Prompt: Send back the records exactly as written, with no images.
--
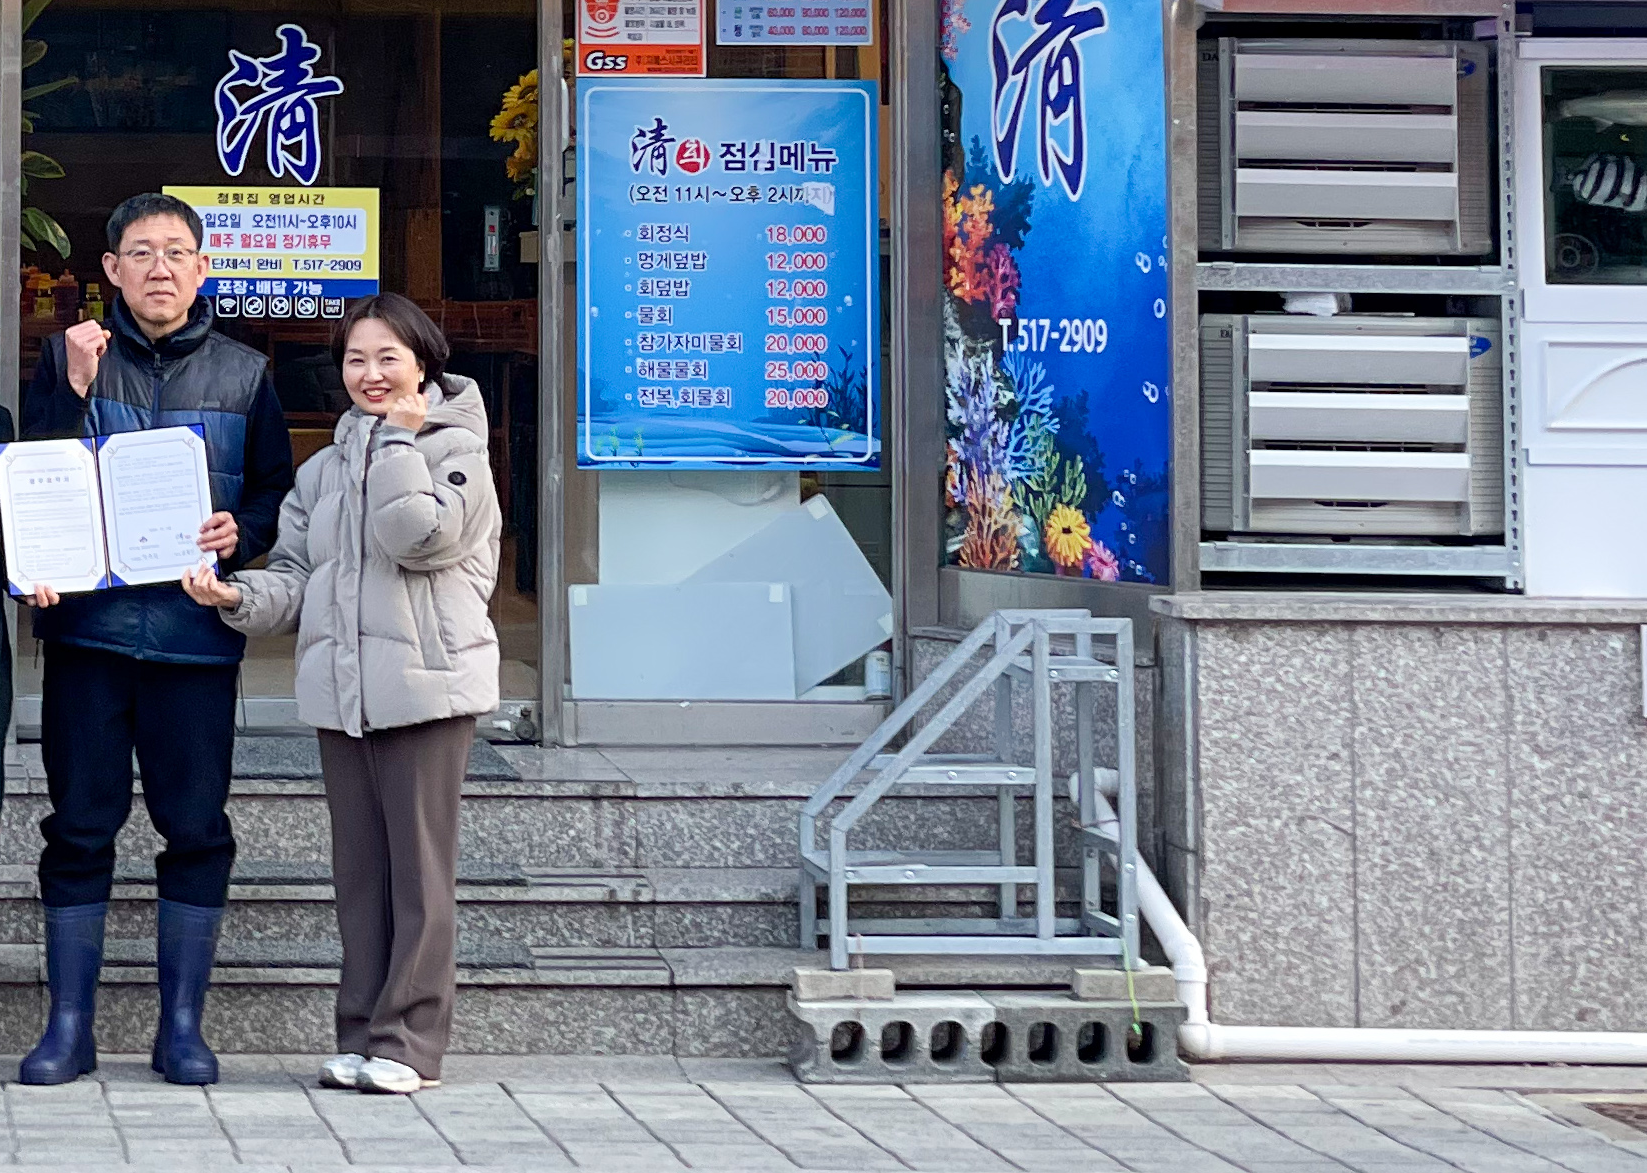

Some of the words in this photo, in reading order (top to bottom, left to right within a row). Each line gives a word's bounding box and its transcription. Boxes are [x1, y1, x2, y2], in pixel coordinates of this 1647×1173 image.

[585, 49, 629, 71] Gss
[719, 141, 837, 172] 점심메뉴
[269, 193, 325, 205] 영업시간
[629, 184, 669, 203] (오전
[202, 213, 241, 228] 일요일
[210, 233, 234, 248] 매주
[241, 233, 276, 248] 월요일
[283, 234, 331, 249] 정기휴무
[638, 224, 690, 243] 회정식
[766, 226, 826, 243] 18,000
[212, 258, 251, 270] 단체석
[257, 258, 282, 270] 완비
[292, 259, 361, 271] T.517-2909
[638, 251, 707, 270] 멍게덮밥
[766, 253, 826, 270] 12,000
[293, 281, 323, 295] 가능
[638, 279, 690, 297] 회덮밥
[766, 281, 826, 298] 12,000
[638, 306, 672, 324] 물회
[766, 308, 826, 325] 15,000
[639, 333, 742, 352] 참가자미물회
[766, 335, 826, 352] 20,000
[999, 319, 1108, 352] T.517-2909
[638, 361, 707, 379] 해물물회
[766, 362, 826, 380] 25,000
[766, 390, 827, 407] 20,000
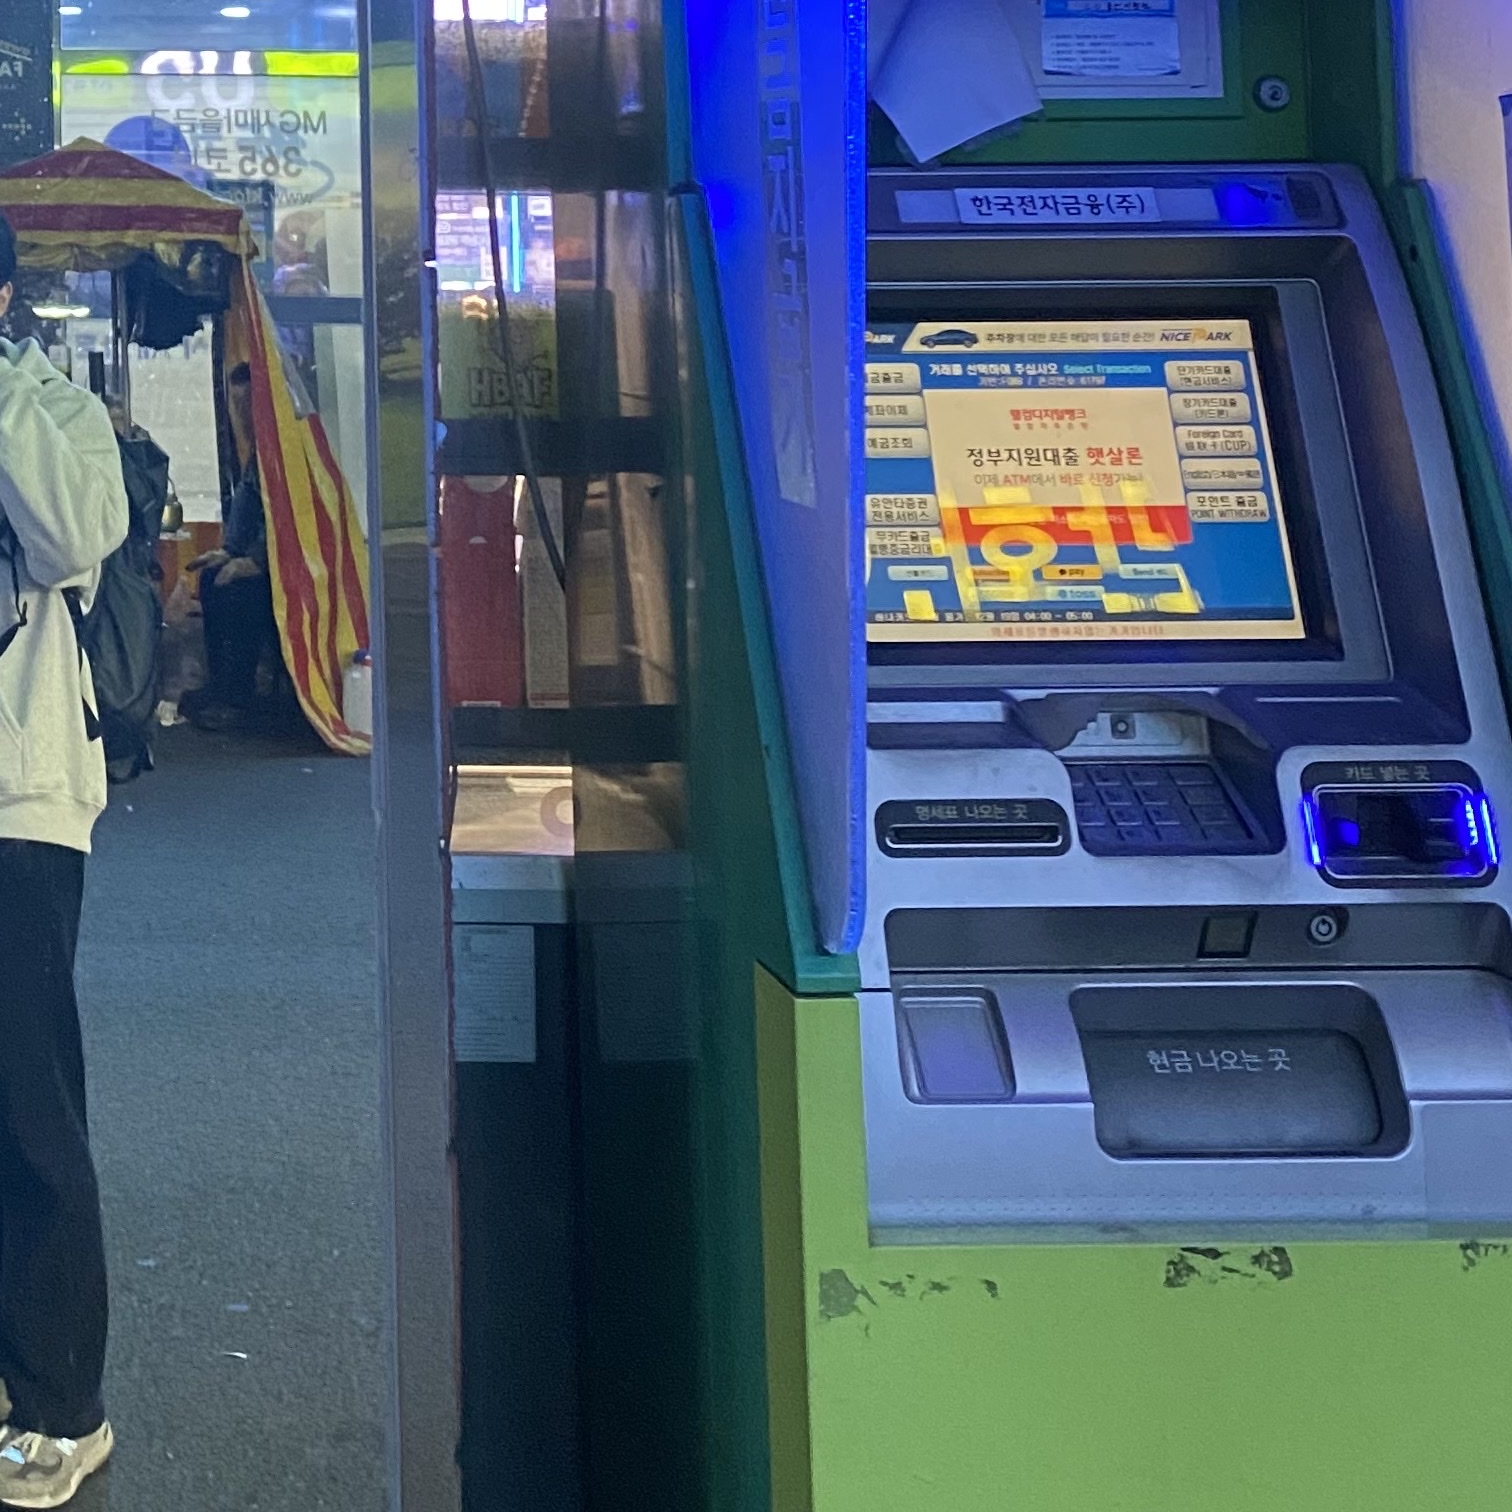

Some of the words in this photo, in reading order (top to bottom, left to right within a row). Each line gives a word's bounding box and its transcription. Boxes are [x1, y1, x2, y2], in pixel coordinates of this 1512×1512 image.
--
Written solution:
Some of the words in this photo, in reading order (top to bottom, left to right within a row). Each line gives a word's bounding box and its transcription. Boxes are [x1, y1, x2, y2], in pixel coordinates of this 1647×1173 image.

[585, 49, 629, 71] Gss
[719, 141, 837, 172] 점심메뉴
[269, 193, 325, 205] 영업시간
[629, 184, 669, 203] (오전
[202, 213, 241, 228] 일요일
[210, 233, 234, 248] 매주
[241, 233, 276, 248] 월요일
[283, 234, 331, 249] 정기휴무
[638, 224, 690, 243] 회정식
[766, 226, 826, 243] 18,000
[212, 258, 251, 270] 단체석
[257, 258, 282, 270] 완비
[292, 259, 361, 271] T.517-2909
[638, 251, 707, 270] 멍게덮밥
[766, 253, 826, 270] 12,000
[293, 281, 323, 295] 가능
[638, 279, 690, 297] 회덮밥
[766, 281, 826, 298] 12,000
[638, 306, 672, 324] 물회
[766, 308, 826, 325] 15,000
[639, 333, 742, 352] 참가자미물회
[766, 335, 826, 352] 20,000
[999, 319, 1108, 352] T.517-2909
[638, 361, 707, 379] 해물물회
[766, 362, 826, 380] 25,000
[766, 390, 827, 407] 20,000

Some of the words in this photo, in reading order (top to bottom, left to right within a row). Each line gives a word's bounding box and its transcription. Boxes are [x1, y1, x2, y2], in pixel coordinates of this 1512×1512 image.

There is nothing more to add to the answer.